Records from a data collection

——

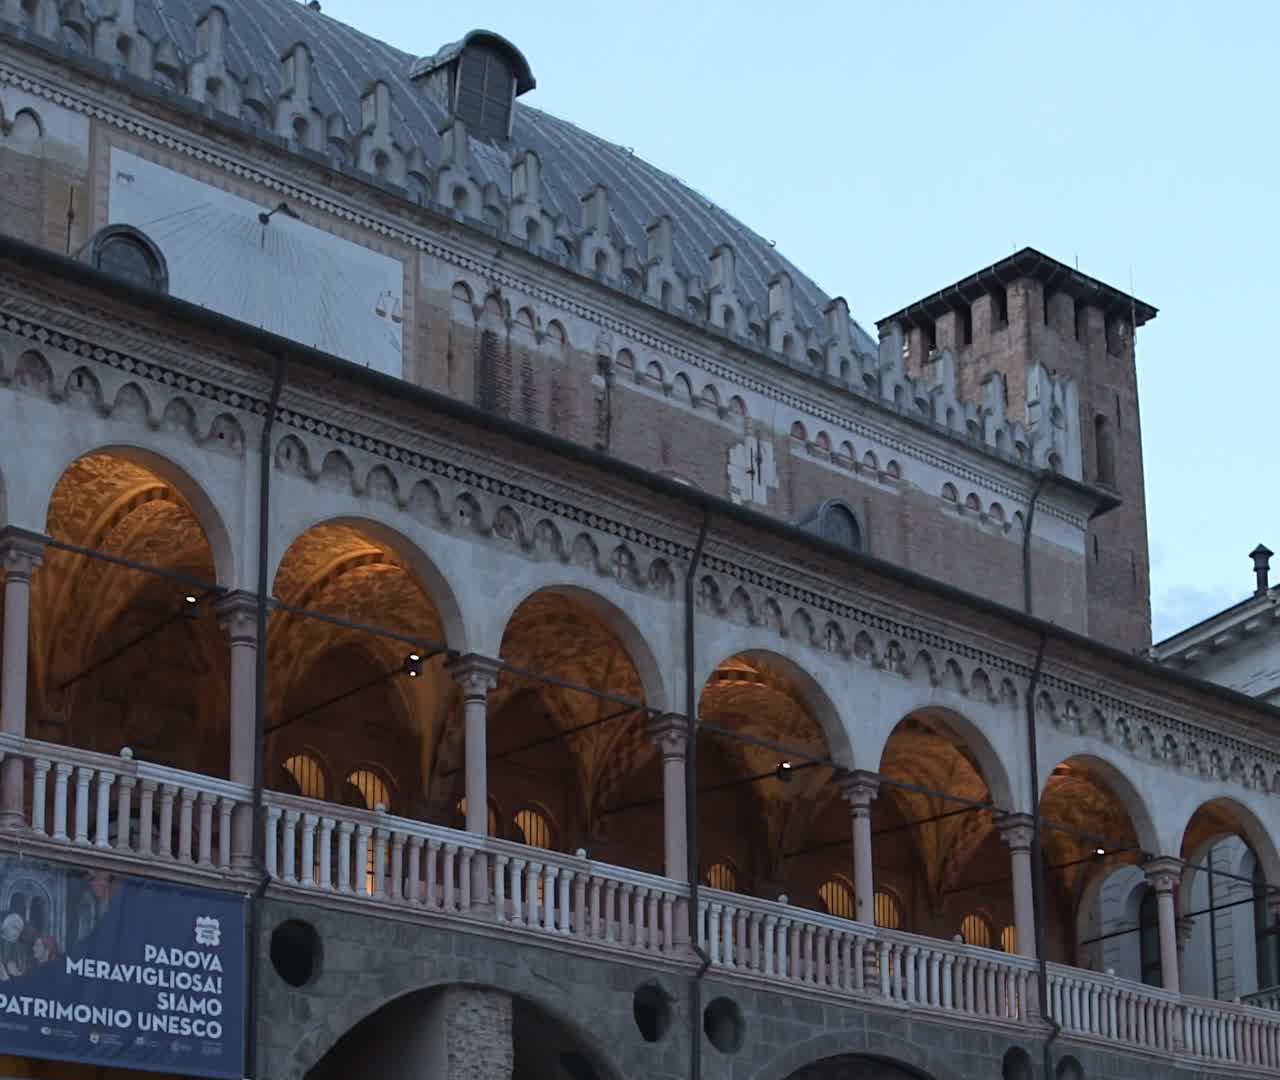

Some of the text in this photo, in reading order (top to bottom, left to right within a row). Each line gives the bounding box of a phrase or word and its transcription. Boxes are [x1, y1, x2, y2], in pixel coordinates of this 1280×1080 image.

[144, 944, 223, 972] PADOVA
[66, 956, 223, 995] MERAVIGLIOSA!
[157, 991, 223, 1017] SIAMO
[138, 1012, 223, 1039] UNESCO

——

YOUR INSTRUCTIONS ▸ Every line of the data is to be transcribed exactly, and no picture is to be included.

RESPONSE AREA ▸
Some of the text in this photo, in reading order (top to bottom, left to right within a row). Each line gives the bounding box of a phrase or word and its transcription. Boxes are [x1, y1, x2, y2], in pixel coordinates of this 1280×1080 image.

[144, 944, 223, 972] PADOVA
[66, 956, 223, 995] MERAVIGLIOSA!
[157, 991, 223, 1017] SIAMO
[138, 1012, 223, 1039] UNESCO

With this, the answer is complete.